The new forces, under command of Gen. Atkinson, of the regular army, were at length put in motion, detachments being sent out in different directions. A severe fight was had at Kellogg's Grove, in the midst of the Indian country, on the 25th of June, resulting in the retreat of the Indians, with much loss. Five whites were killed, and three wounded. A detachment under Gen. Alexander was stationed in a position to intercept the Indians, should they attempt to re-cross the Mississippi.

Meanwhile, it was understood that Black-Hawk had concentrated his forces, in a fortified position, at the Four Lakes, awaiting the issue of a general battle. Gen. Atkinson moved in that direction, with all possible celerity, and encamped a mile above Turtle Village, on the open prairie, not far from Rock river, on the 30th of June. The appearance of hostile Indians, prowling around his encampment, showed that their

progress was watched, but they were not attacked. Next day, with numerous re-enforcements, Gen. Atkinson's troops reached Burnt Village, a Winnebago town on the Whitewater river. They were now in a strange country, in which, for want of correct information, they were obliged to advance slowly and cautiously. There were traces of hostile Indians in the vicinity, and next day two soldiers, at a little distance from the camp, were fired upon by them, and one seriously wounded. But from this point it was difficult to discover the trail of the enemy.

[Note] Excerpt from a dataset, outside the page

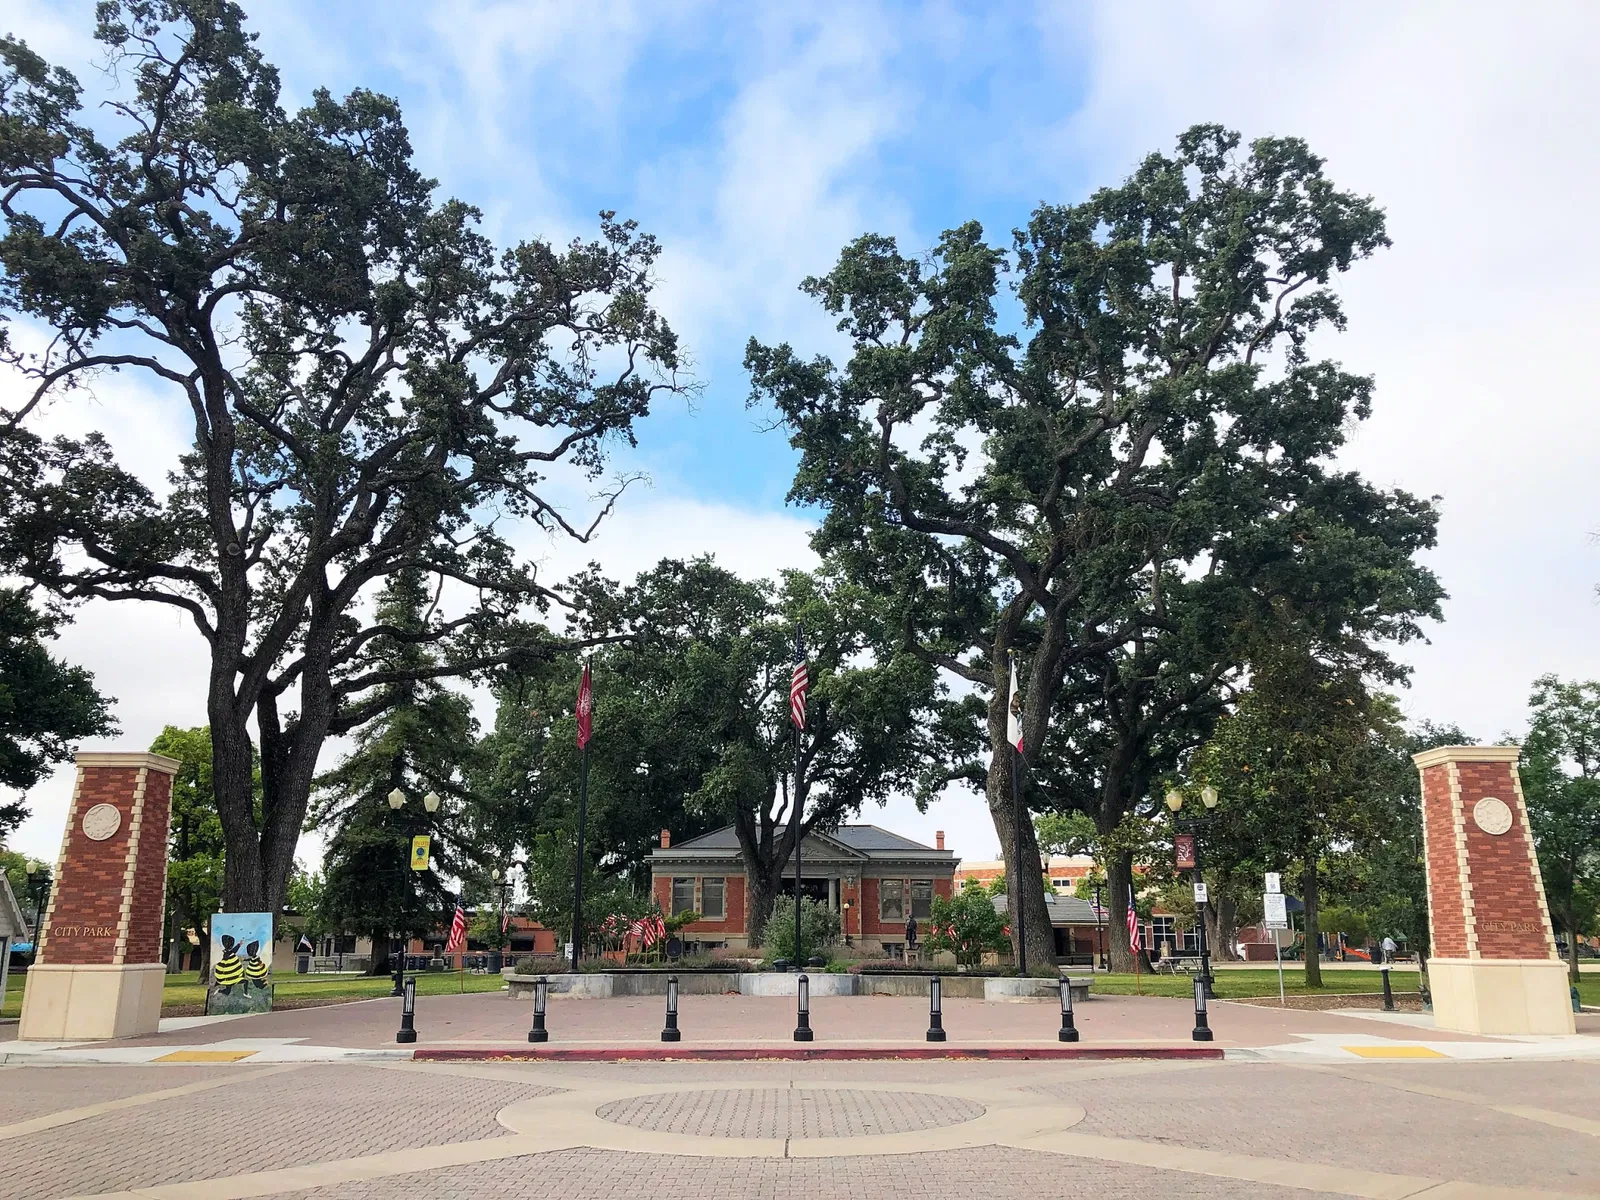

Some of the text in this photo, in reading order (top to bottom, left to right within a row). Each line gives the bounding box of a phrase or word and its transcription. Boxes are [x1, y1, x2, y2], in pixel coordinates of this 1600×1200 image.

[54, 926, 112, 937] CITY PARK
[1481, 922, 1540, 932] CITY PARK

Nearly two months had now passed since the opening of the campaign, and its purpose seemed as remote from accomplishment as ever. The new volunteers had many of them become discontented, like the former ones. Their number had in fact become reduced one-half. The wearisome marches, the delays, the privations and exposures, had proved to them that this service was no pastime, and that its romance was not what it seemed in the distance. They sickened of such service, and were glad to escape from its restraints. Not so, however, with Lincoln, who had found in reality the kind of exciting adventure which his spirit craved. While others murmured, and took their departure, he remained true and persistent, no less eager for the fray, or ambitious to play a genuine soldier's part, than at the beginning. Hardship was not new to him, and he had a physical energy and endurance that would not be wearied into untimely discouragement.

It was not destined, however, that he should be actively engaged in any battle more serious than those encounters already mentioned. The forces were divided and dispersed in different directions, on the 10th of July, with a view to obtaining supplies. Two days later, news was received that BlackHawk was thirty-five miles above Gen. Atkinson, on Rock river. A plan of Generals Alexander, Henry, and others, to take him by surprise, without awaiting orders, was frustrated by their troops refusing to follow them. Gen. Henry finally set out in pursuit of the Indians, on the 15th of July, but was misled by treachery. He continued on for several days,

acquiring better information, passing the beautiful country around the Four Lakes, the present site of Madison, Wisconsin, and after another day's hard march came close upon the retreating Indians, and finally overtook them on the 21st. They were immediately charged upon, and driven along the high bluffs of the Wisconsin, and down upon the river bottom. The Indians lost sixty-eight killed, and of the large number wounded, twenty-five were afterward found dead on their trail leading to the Mississippi. The regulars, in this engagement on the Wisconsin, were commanded by Gen. (then Colonel) ZACHARY TAYLOR, afterward President of the United States. Gen. Henry, of Illinois, and Col. Dodge (afterward United States Senator), were chief commanders of the volunteers.

Waiting two days at the Blue Mounds, the forces still in the field were all united, and a hard pursuit resumed through the forest, down the Wisconsin. On the fourth day, they reached the Mississippi, which some of the Indians had already crossed, while the others were preparing to do so. The battle of the Bad-Axe here brought the war to a close, with the capture of Black-Hawk and his surviving warriors.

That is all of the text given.